Output exactly the lines from the line with "this 1600×1068 image." through the end of the records below. Include nothing else.

☆ ☆ ☆ ☆ ☆ ☆ ☆

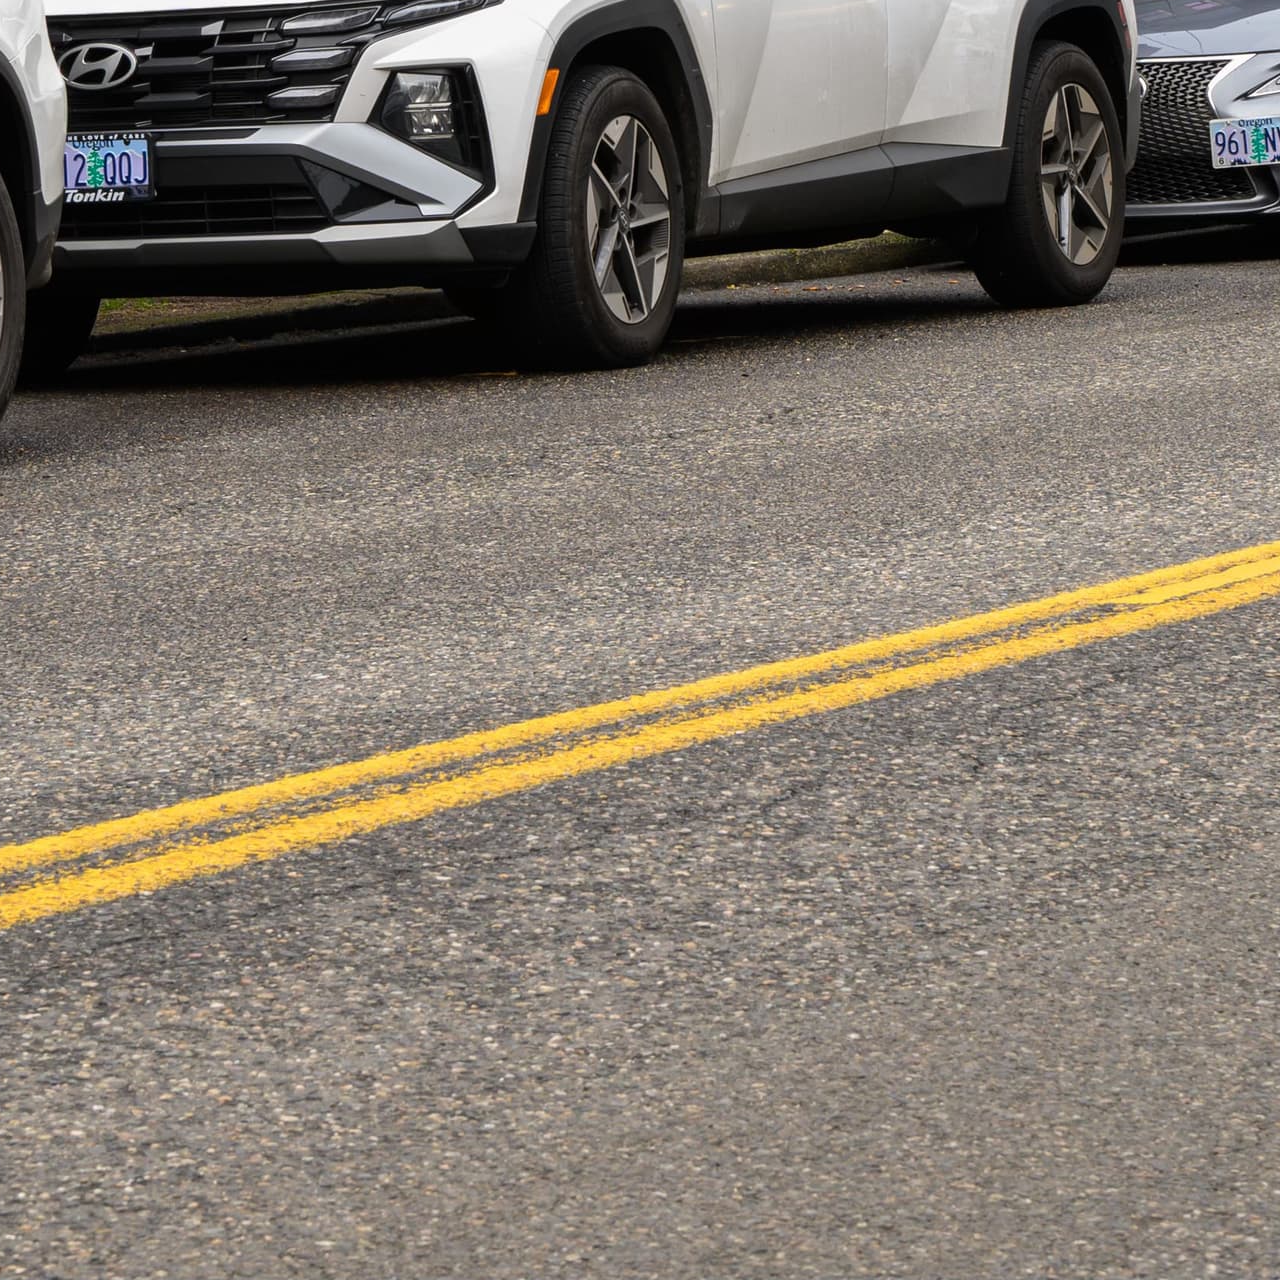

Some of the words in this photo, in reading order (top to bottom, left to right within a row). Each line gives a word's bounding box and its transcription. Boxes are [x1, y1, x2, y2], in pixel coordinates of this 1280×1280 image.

[1238, 117, 1273, 128] Oregon
[1215, 129, 1248, 156] 961
[104, 151, 147, 186] QQJ
[64, 189, 125, 203] Tonkin
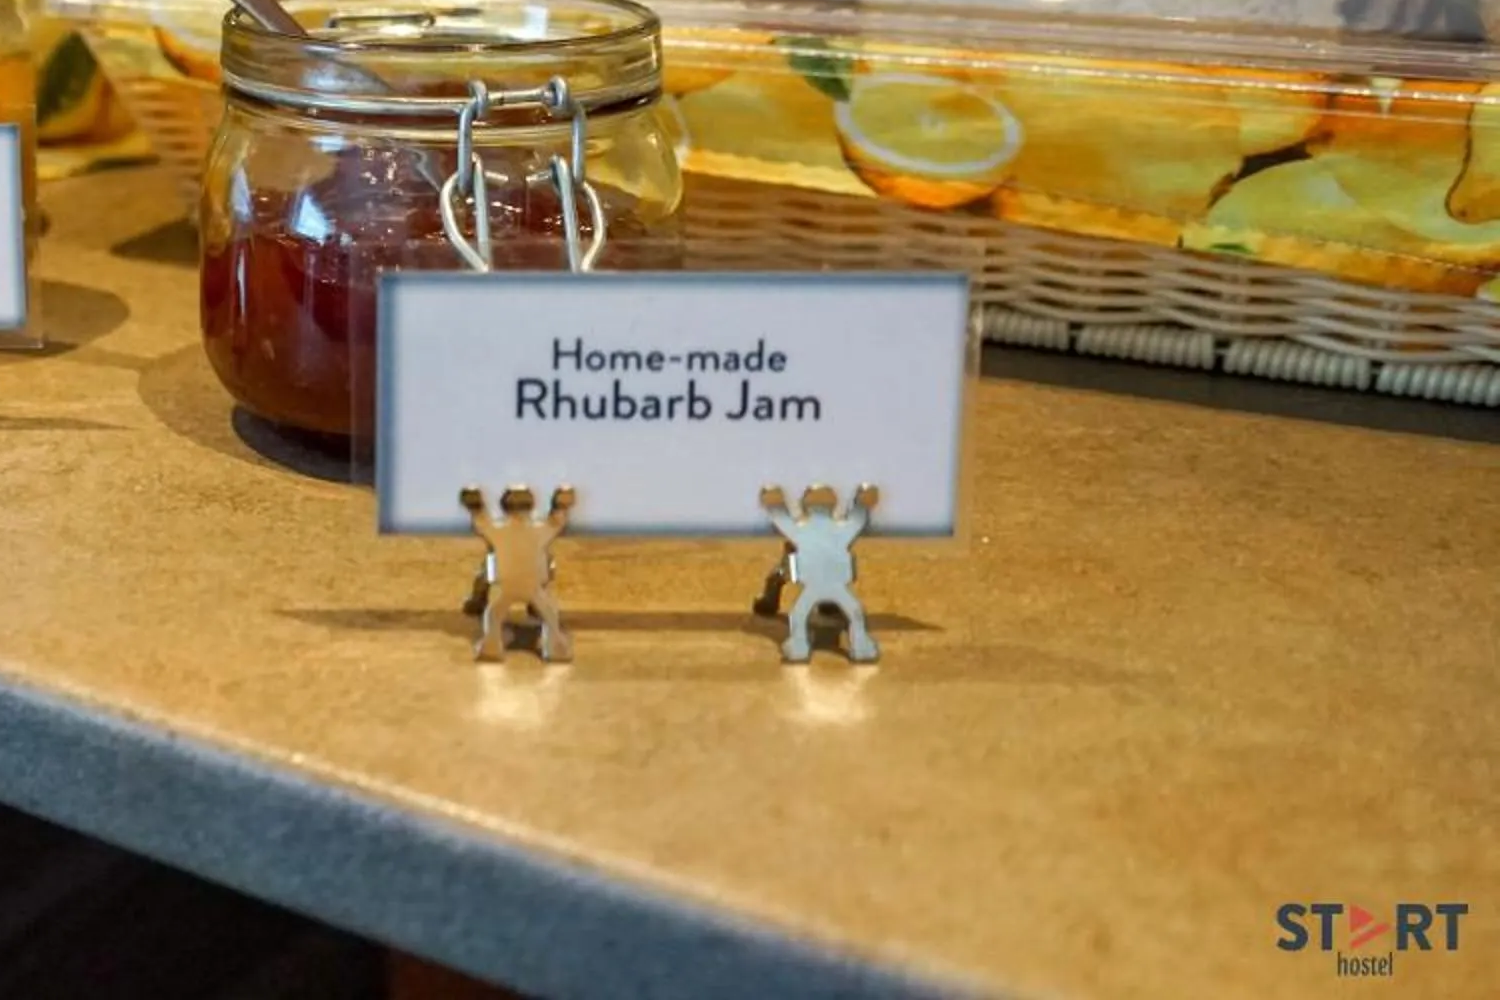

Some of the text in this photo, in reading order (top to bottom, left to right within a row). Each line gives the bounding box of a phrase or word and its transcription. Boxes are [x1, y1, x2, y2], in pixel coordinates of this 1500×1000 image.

[552, 338, 788, 373] Home-made
[515, 377, 822, 422] Rhubarb Jam
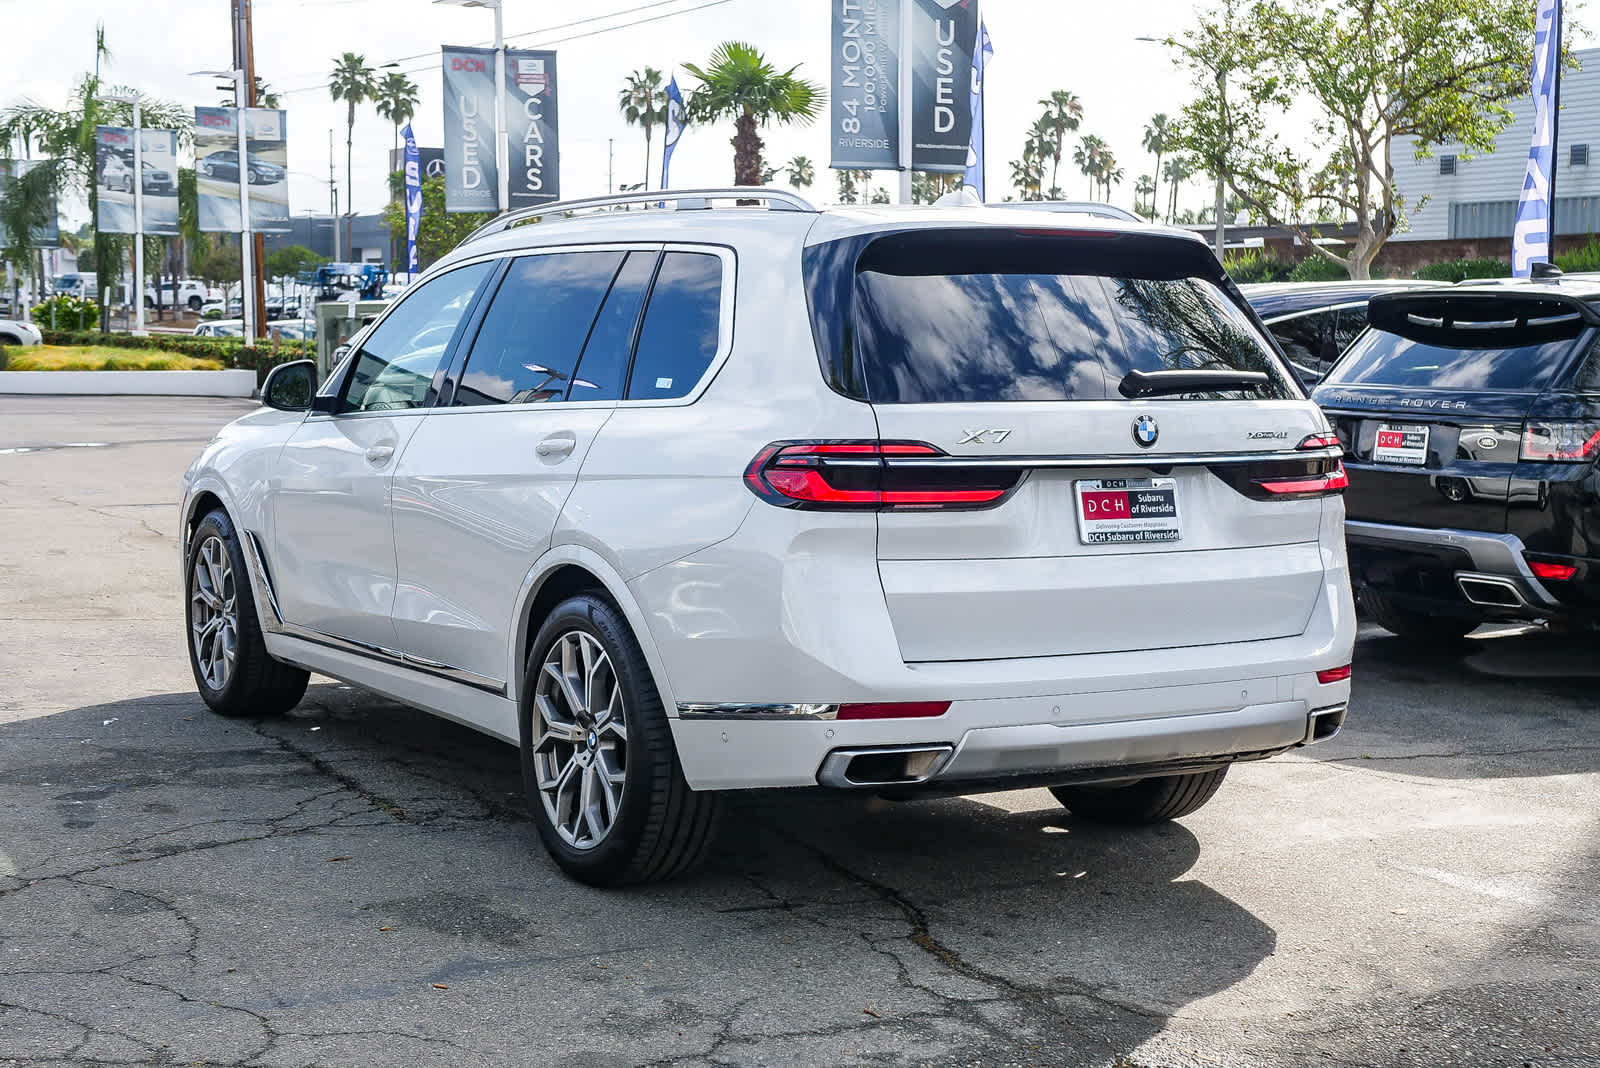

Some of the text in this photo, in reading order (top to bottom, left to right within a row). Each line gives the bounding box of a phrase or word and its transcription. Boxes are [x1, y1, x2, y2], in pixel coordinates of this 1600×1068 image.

[451, 57, 486, 72] DCH
[864, 41, 877, 112] 100,000
[934, 19, 955, 133] USED
[202, 115, 231, 127] DCH
[842, 98, 861, 134] 84
[103, 132, 128, 144] DCH
[460, 95, 481, 189] USED
[524, 97, 544, 191] CARS
[839, 138, 890, 149] RIVERSIDE
[1335, 395, 1467, 409] RANGE ROVER
[956, 429, 1012, 445] X7
[1380, 435, 1400, 445] DCH
[1138, 493, 1164, 502] Subaru
[1088, 498, 1124, 513] DCH
[1131, 503, 1174, 514] of Riverside
[1088, 530, 1179, 542] DCH Subaru of Riverside

☆ ☆ ☆ ☆ ☆ ☆ ☆

* **Answer section**
Some of the text in this photo, in reading order (top to bottom, left to right within a row). Each line gives the bounding box of a phrase or word and its transcription. Boxes are [x1, y1, x2, y2], in pixel coordinates of this 1600×1068 image.

[451, 57, 486, 72] DCH
[864, 41, 877, 112] 100,000
[934, 19, 955, 133] USED
[202, 115, 231, 127] DCH
[842, 98, 861, 134] 84
[103, 132, 128, 144] DCH
[460, 95, 481, 189] USED
[524, 97, 544, 191] CARS
[839, 138, 890, 149] RIVERSIDE
[1335, 395, 1467, 409] RANGE ROVER
[956, 429, 1012, 445] X7
[1380, 435, 1400, 445] DCH
[1138, 493, 1164, 502] Subaru
[1088, 498, 1124, 513] DCH
[1131, 503, 1174, 514] of Riverside
[1088, 530, 1179, 542] DCH Subaru of Riverside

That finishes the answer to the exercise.